Work item:
Everything in the listing below needs restating exactly, apart from the pictures.

= Beginning of Section =

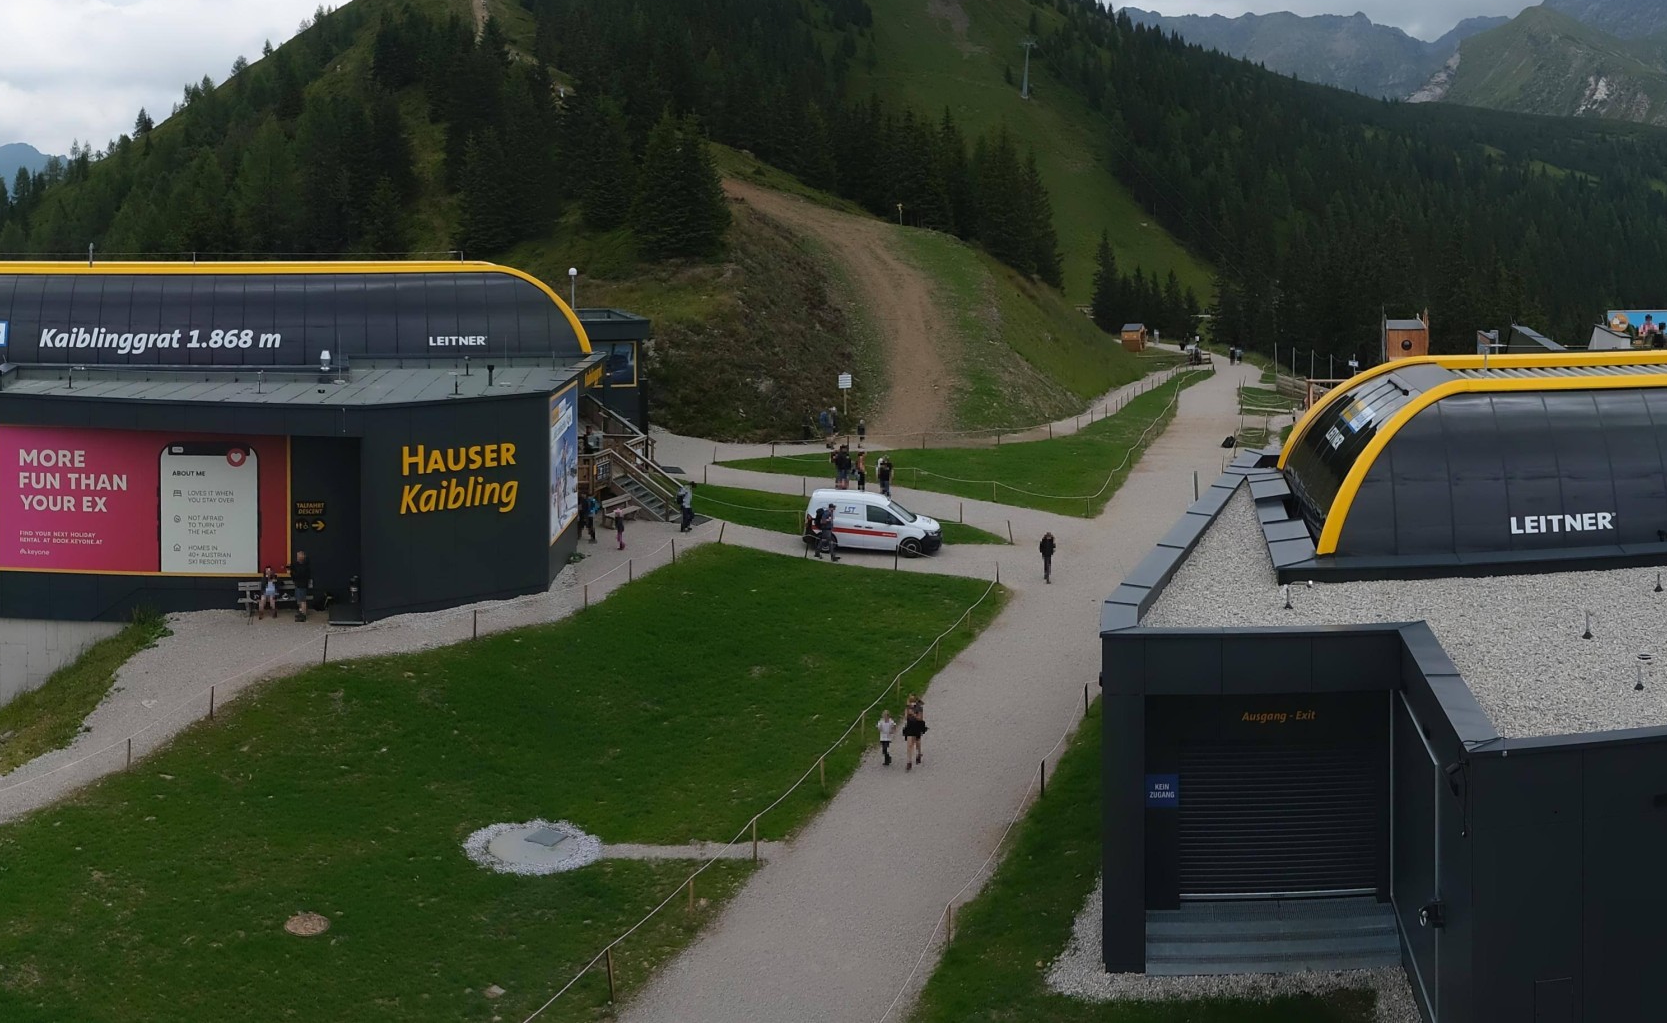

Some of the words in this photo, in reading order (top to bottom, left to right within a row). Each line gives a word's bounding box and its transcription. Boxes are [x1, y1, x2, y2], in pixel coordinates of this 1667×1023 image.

[39, 327, 181, 354] Kaiblinggrat
[186, 329, 254, 348] 1.868
[259, 333, 281, 348] m
[19, 449, 85, 468] MORE
[402, 442, 517, 476] HAUSER
[19, 471, 60, 489] FUN
[67, 473, 127, 491] THAN
[20, 494, 76, 512] YOUR
[82, 496, 108, 513] EX
[399, 476, 519, 515] Kaibling
[1510, 512, 1614, 534] LEITNER
[1241, 711, 1287, 723] Ausgang
[1295, 709, 1316, 720] Exit
[1149, 791, 1175, 799] ZUGANG

= End of Section =

Worked solution:
Some of the words in this photo, in reading order (top to bottom, left to right within a row). Each line gives a word's bounding box and its transcription. Boxes are [x1, y1, x2, y2], in pixel coordinates of this 1667×1023 image.

[39, 327, 181, 354] Kaiblinggrat
[186, 329, 254, 348] 1.868
[259, 333, 281, 348] m
[19, 449, 85, 468] MORE
[402, 442, 517, 476] HAUSER
[19, 471, 60, 489] FUN
[67, 473, 127, 491] THAN
[20, 494, 76, 512] YOUR
[82, 496, 108, 513] EX
[399, 476, 519, 515] Kaibling
[1510, 512, 1614, 534] LEITNER
[1241, 711, 1287, 723] Ausgang
[1295, 709, 1316, 720] Exit
[1149, 791, 1175, 799] ZUGANG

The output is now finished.